ACTIVITY: All lines from the one containing "this 1659×2212 image." through the final line of the records below should be reproduced exactly, with the pictures left out.

Extracted data entries:
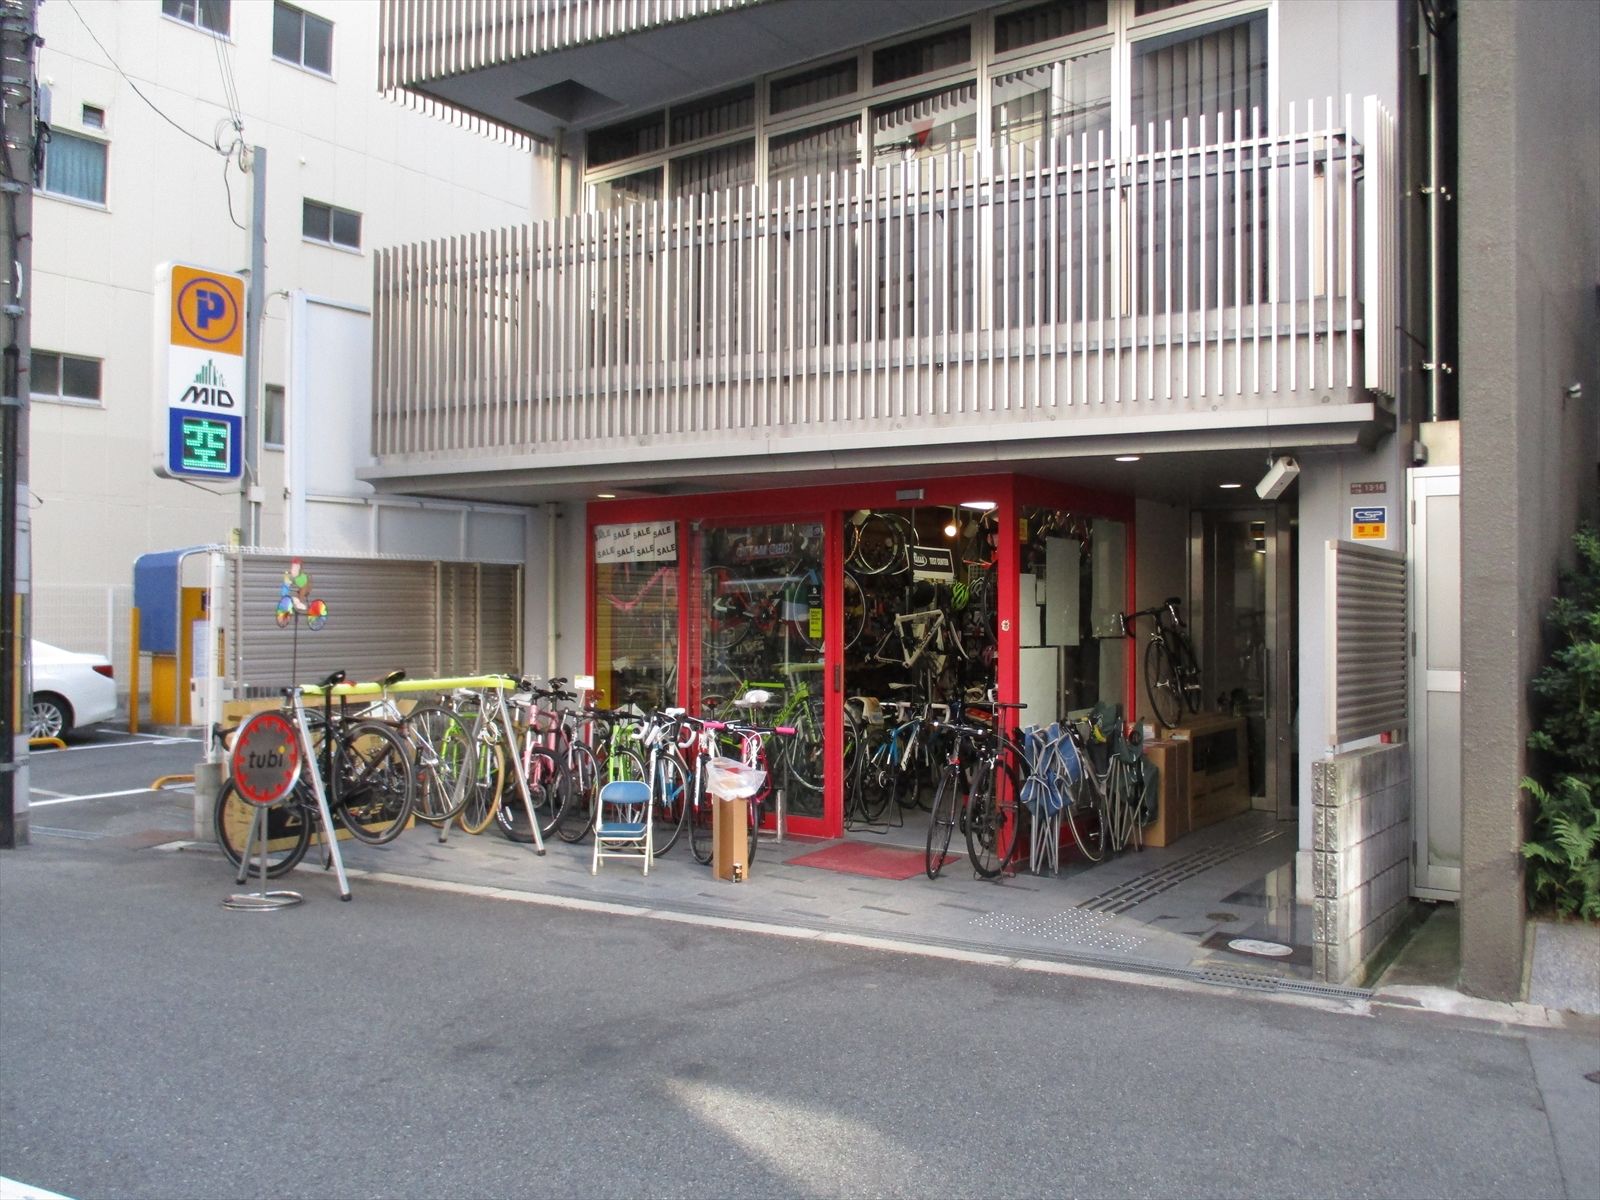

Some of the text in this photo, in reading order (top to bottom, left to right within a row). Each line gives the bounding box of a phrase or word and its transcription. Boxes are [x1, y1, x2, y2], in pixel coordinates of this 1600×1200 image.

[196, 289, 225, 329] P
[181, 386, 234, 408] MID
[183, 421, 227, 470] 空
[1355, 511, 1383, 519] CSP
[613, 528, 631, 540] SALE
[633, 526, 651, 539] SALE
[653, 525, 672, 538] SALE
[617, 545, 635, 557] SALE
[637, 544, 655, 556] SALE
[657, 543, 677, 556] SALE
[248, 745, 285, 769] tubi
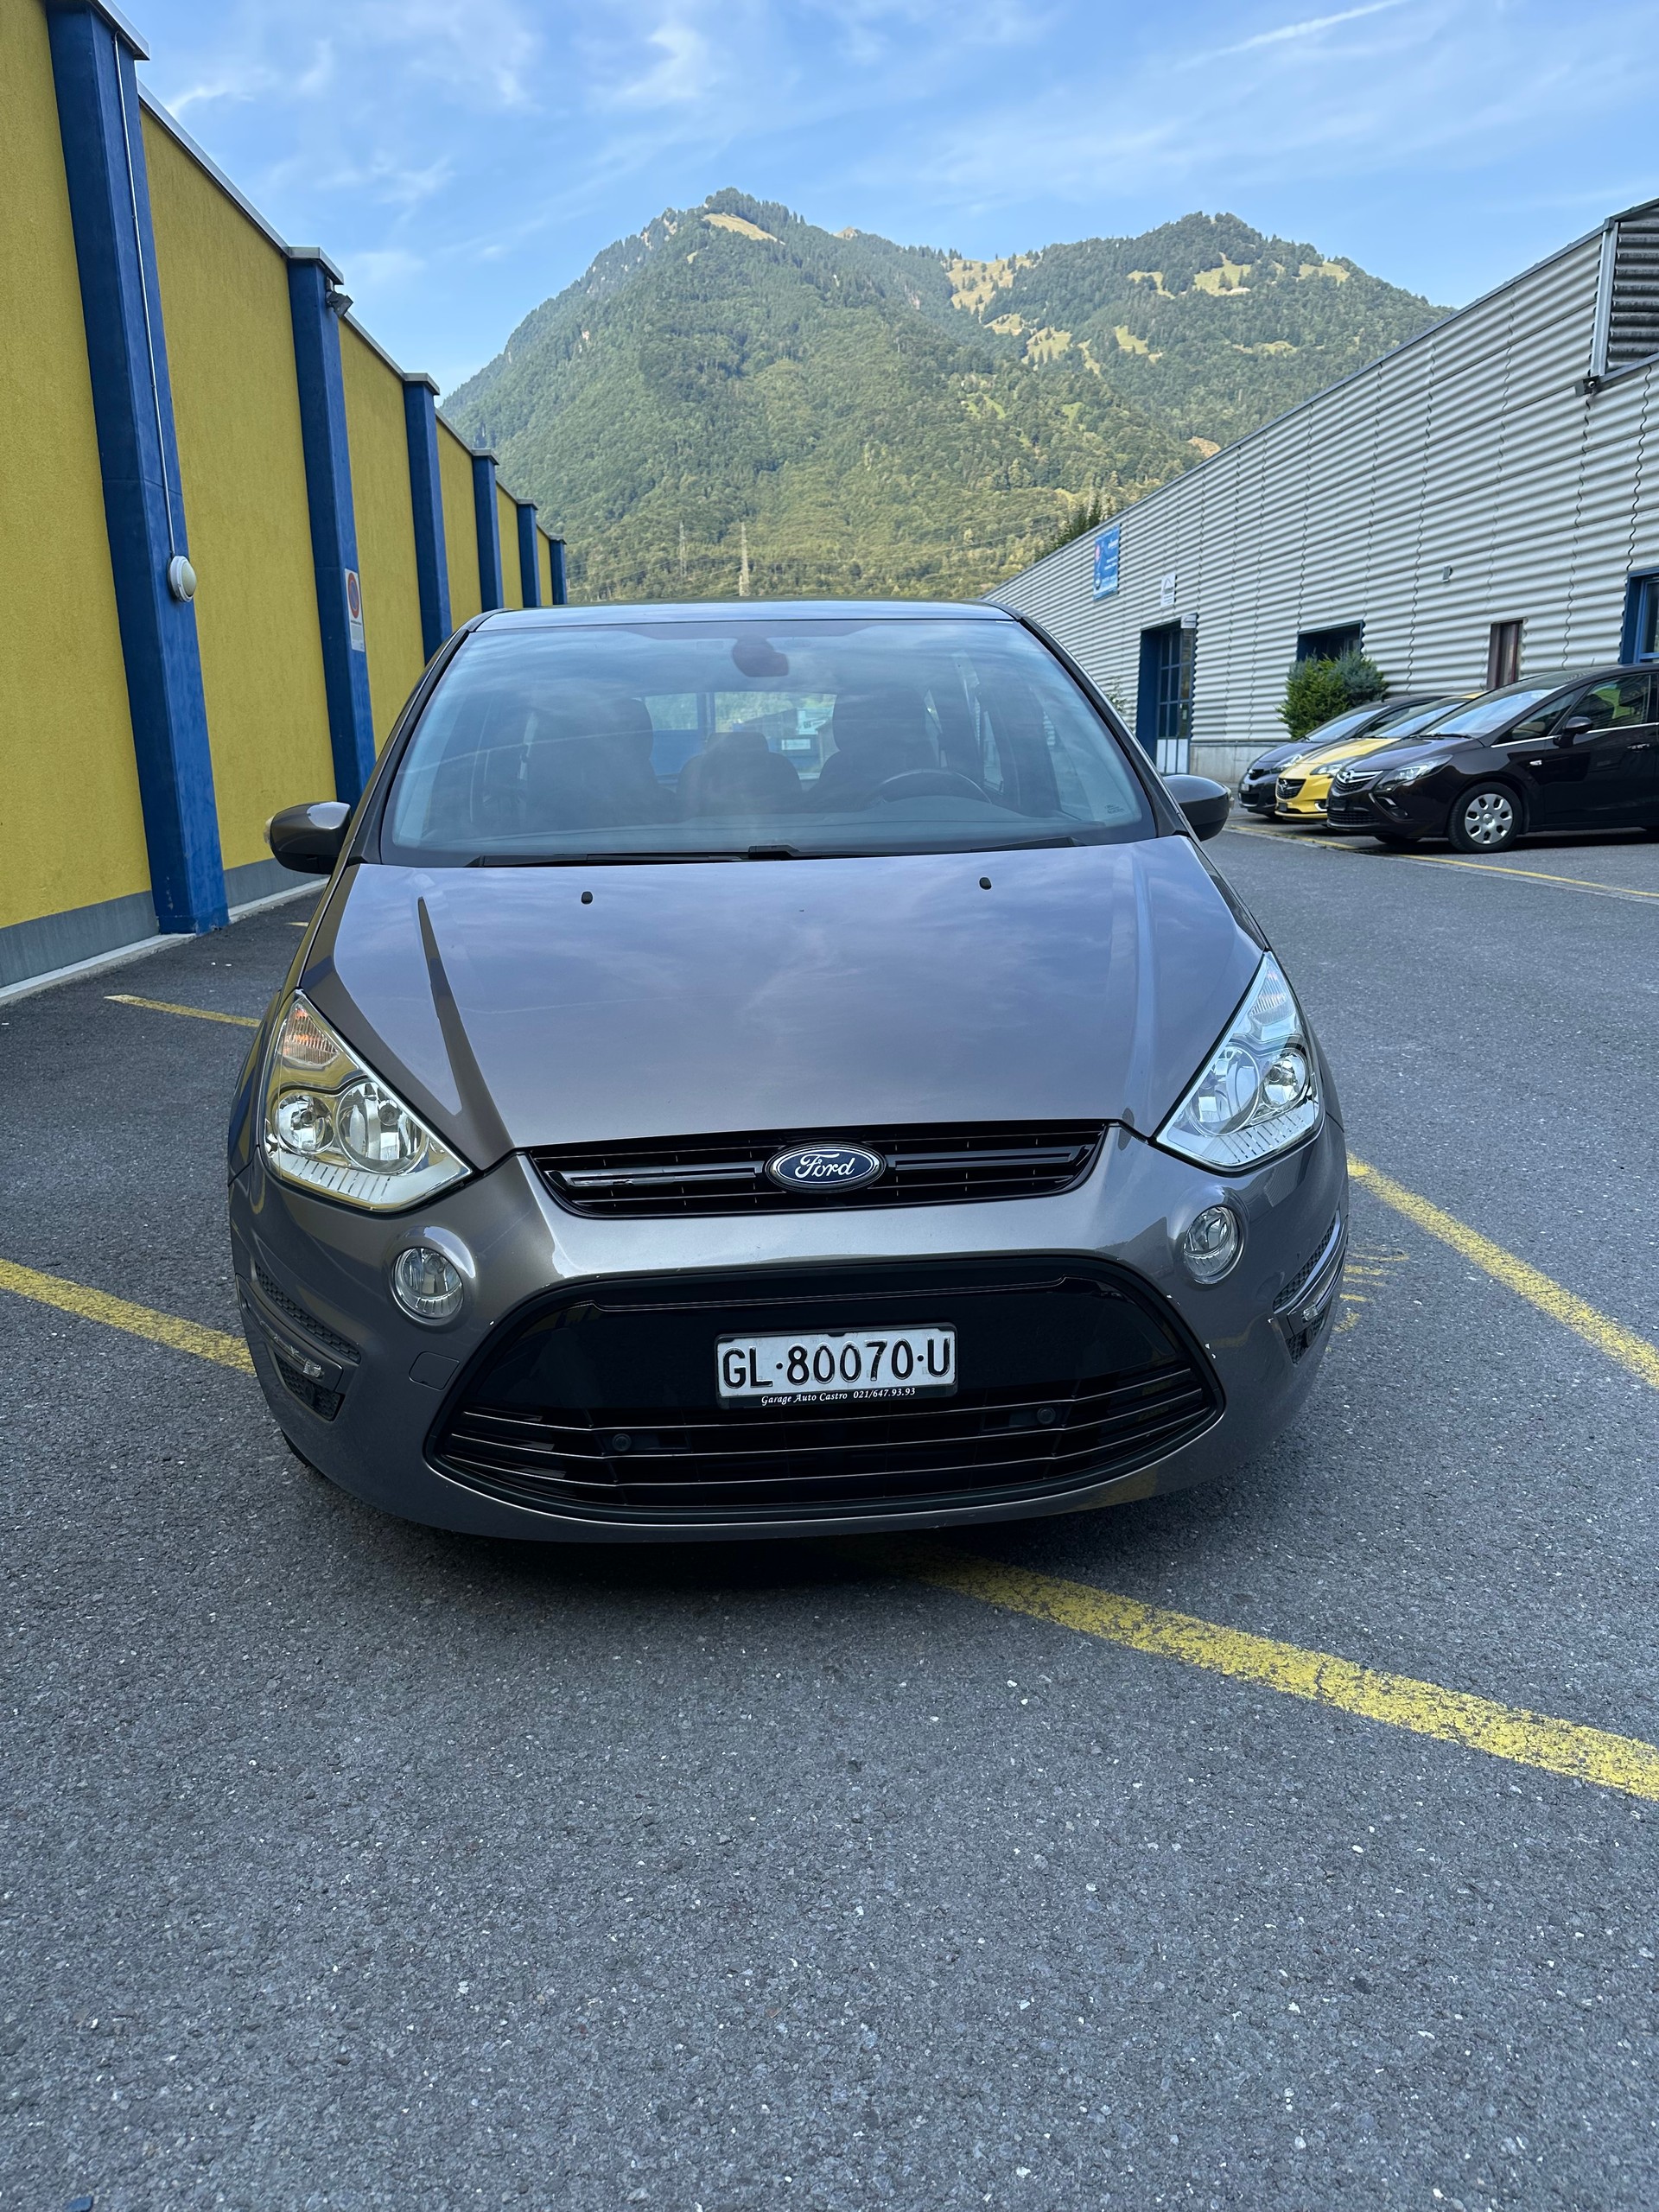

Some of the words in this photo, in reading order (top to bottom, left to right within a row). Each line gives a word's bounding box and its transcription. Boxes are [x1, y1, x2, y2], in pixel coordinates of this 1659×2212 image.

[794, 1153, 855, 1179] Ford
[761, 1395, 792, 1407] Garage
[793, 1394, 817, 1403] Auto
[819, 1392, 848, 1402] Castro
[853, 1387, 916, 1399] 021/647.93.93
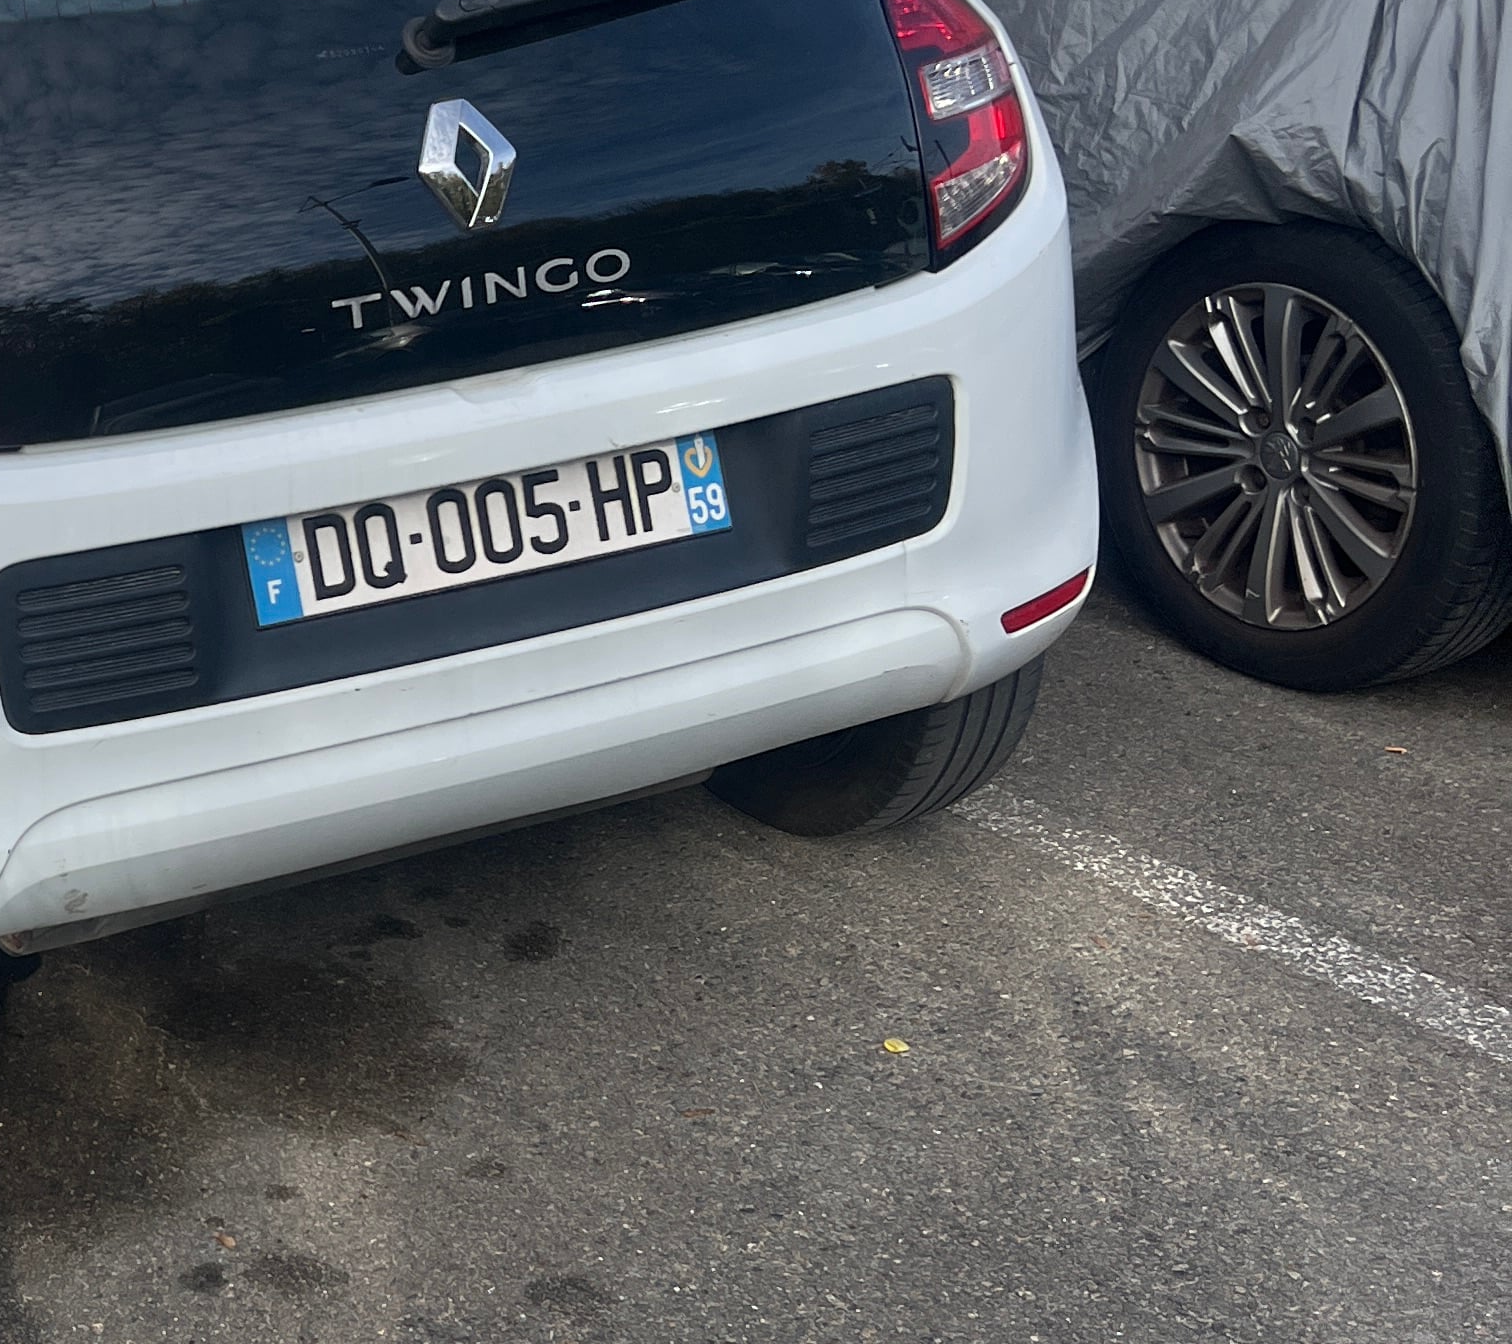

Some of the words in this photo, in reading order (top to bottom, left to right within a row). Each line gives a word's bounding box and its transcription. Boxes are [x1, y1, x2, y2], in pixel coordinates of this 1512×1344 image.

TASK OUTPUT:
Some of the words in this photo, in reading order (top to bottom, left to right within a row). Each line gives a word's bounding box and its transcription. Boxes are [x1, y1, x2, y2], in pixel coordinates of this 1659×2212 image.

[794, 1153, 855, 1179] Ford
[761, 1395, 792, 1407] Garage
[793, 1394, 817, 1403] Auto
[819, 1392, 848, 1402] Castro
[853, 1387, 916, 1399] 021/647.93.93

Some of the words in this photo, in reading order (top to bottom, left to right within a row). Each line gives a word's bounding box and its transcription. Boxes are [x1, y1, x2, y2], in pixel coordinates of this 1512×1344 image.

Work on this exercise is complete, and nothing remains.